Rising Discontent Among Crypto Investors
A substantial share of Indian cryptocurrency investors believe the country’s tax regime places an excessive burden on digital asset participants. Survey results show that nearly two-thirds of respondents consider the current framework inequitable, reflecting frustration across both retail and professional investor segments. The perception of unfairness stems not only from the headline tax rate but also from structural constraints that limit flexibility and risk management.


This sentiment has become more pronounced as crypto assets gain broader acceptance globally, prompting investors to compare India’s policies with those of other major markets.


Structure of India’s Crypto Tax Policy
Under existing rules, income generated from virtual digital assets is taxed at a flat rate of 30 percent. In addition, a 1 percent tax deducted at source applies to each transaction, regardless of profitability. Losses incurred in crypto trading cannot be offset against gains, nor can they be carried forward to subsequent years.


Investors argue that this structure treats crypto differently from equities, commodities, and other financial instruments, where loss adjustments and graduated tax rates are standard. The result, they say, is a system that taxes activity rather than net returns.


Impact on Market Participation
Industry participants report that the tax framework has had a measurable effect on trading behavior. Transaction volumes on domestic platforms have moderated, while some active traders have curtailed activity to limit tax exposure. Others have reportedly shifted toward long-term holding strategies or explored overseas alternatives.

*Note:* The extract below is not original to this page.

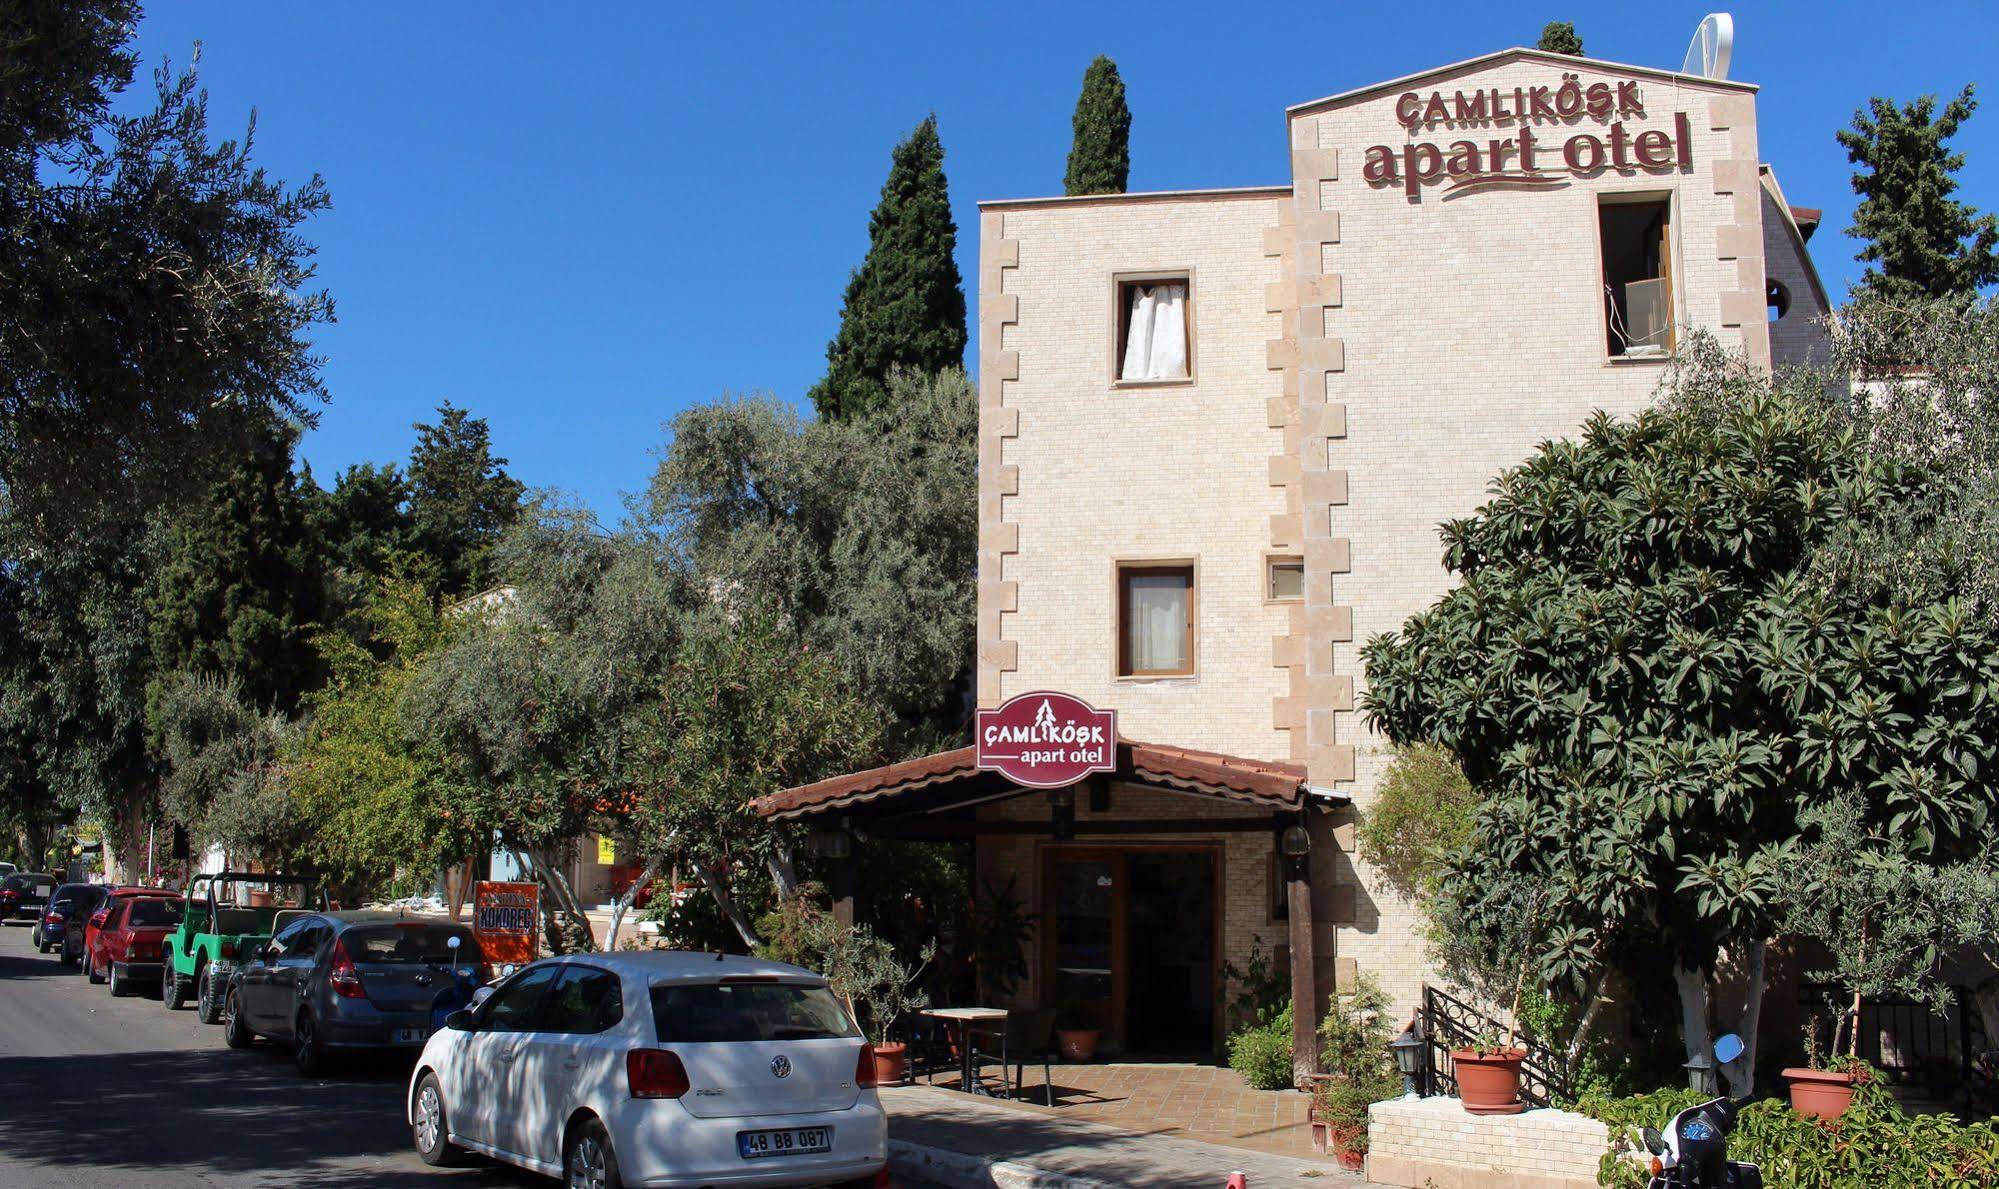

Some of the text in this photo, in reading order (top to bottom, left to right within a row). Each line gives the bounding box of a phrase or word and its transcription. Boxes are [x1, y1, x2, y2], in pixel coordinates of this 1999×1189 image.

[1363, 112, 1691, 197] apart otel
[1020, 746, 1103, 767] apart otel
[749, 1129, 825, 1151] 48 BB 087

Analysts note that the transaction-level levy has been particularly disruptive, as it reduces liquidity and increases the cost of frequent trading. Over time, this could weaken India’s position as a hub for crypto innovation and investment.

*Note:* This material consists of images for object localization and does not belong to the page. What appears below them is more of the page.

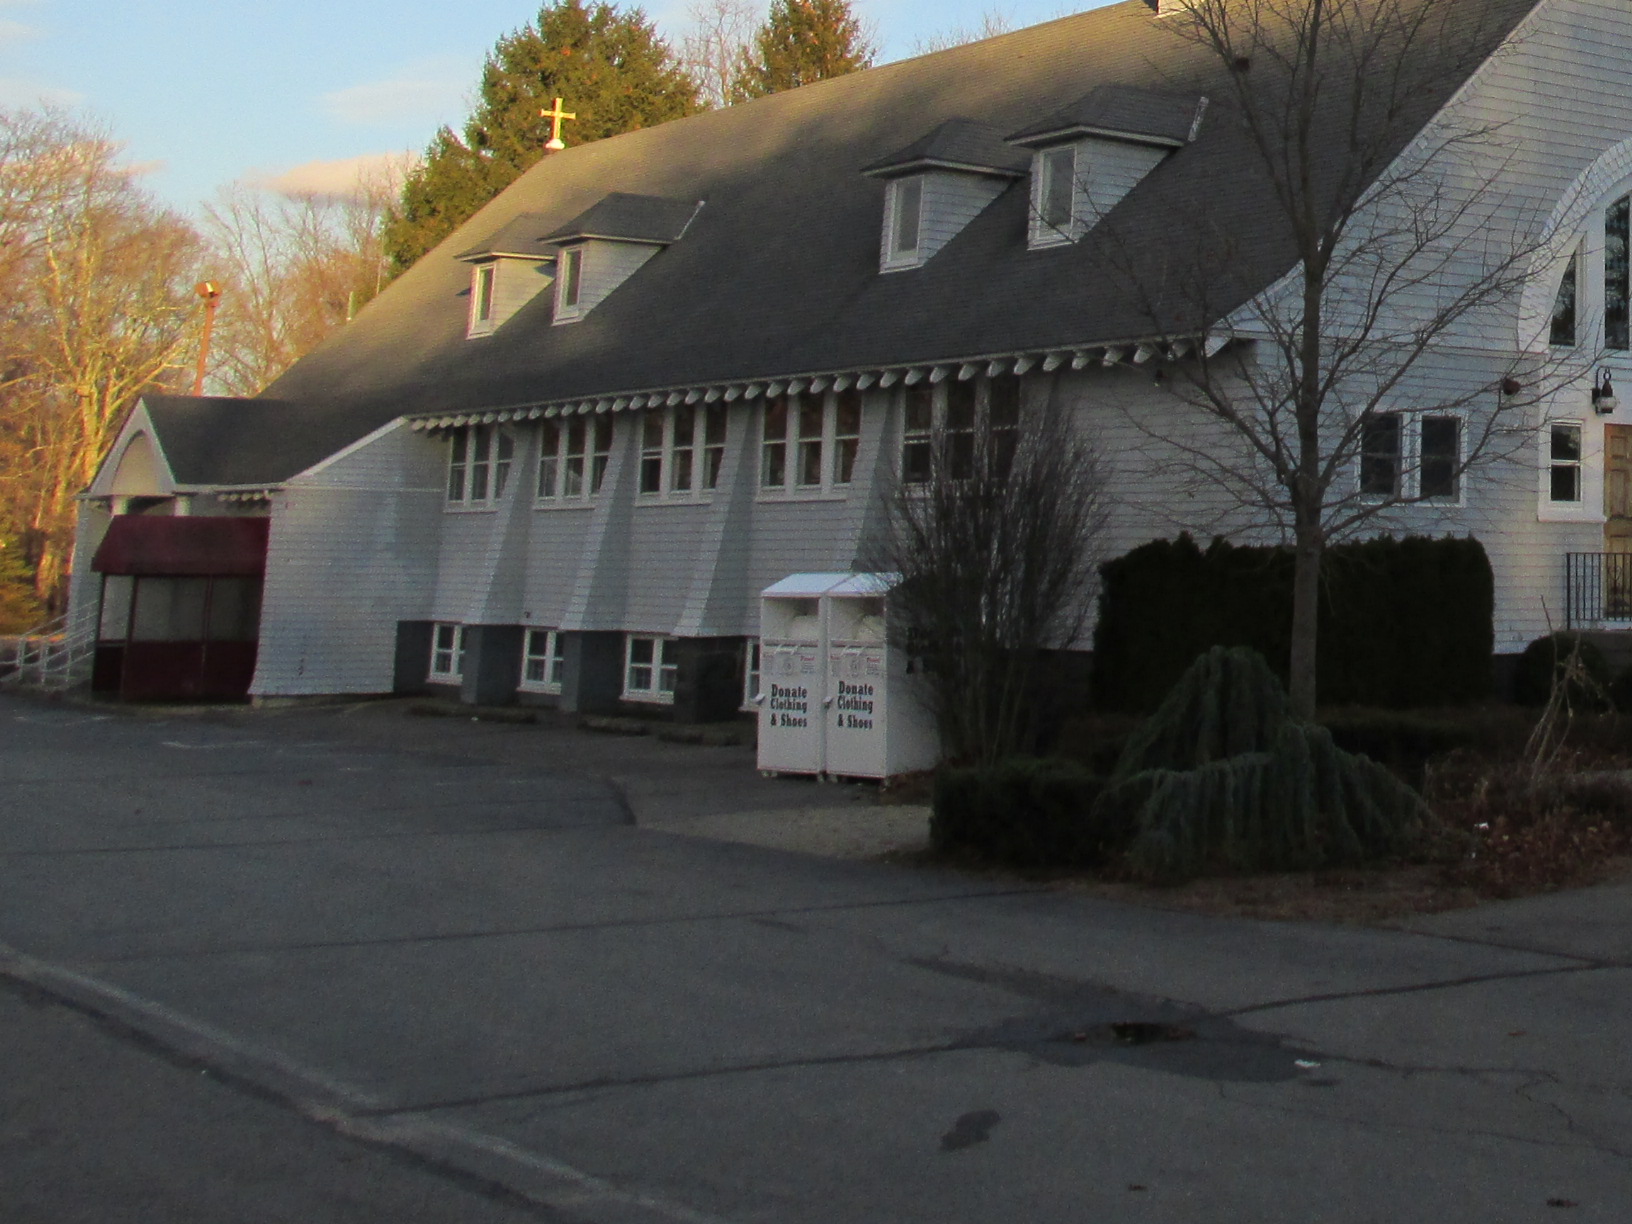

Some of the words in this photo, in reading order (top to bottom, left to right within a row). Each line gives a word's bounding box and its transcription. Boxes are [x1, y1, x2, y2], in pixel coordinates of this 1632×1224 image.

[771, 684, 807, 698] Donate
[839, 681, 873, 695] Donate
[770, 698, 807, 713] Clothing
[838, 696, 873, 714] Clothing
[771, 713, 777, 726] &
[781, 714, 807, 727] Shoes
[838, 714, 843, 727] &
[848, 715, 873, 729] Shoes

Balancing Oversight and Growth
From the government’s perspective, strict taxation is seen as a tool to enhance transparency, discourage speculative excess, and ensure compliance in a volatile market. Policymakers have emphasized caution, citing risks related to consumer protection and financial stability.
However, experts argue that overly rigid taxation may undermine these goals if it drives activity away from regulated channels. A calibrated approach, they suggest, could achieve oversight without stifling participation or innovation.


Calls for Policy Reassessment
The survey has renewed calls from investors and industry bodies for a reassessment of crypto taxation. Suggested reforms include allowing loss offsets, reducing transaction-level taxes, and aligning crypto taxation more closely with other asset classes.


As digital assets mature and institutional interest grows, India faces a pivotal decision. Adapting its tax framework to reflect market realities could foster sustainable growth and compliance, while maintaining the status quo risks alienating investors in a rapidly evolving financial sector.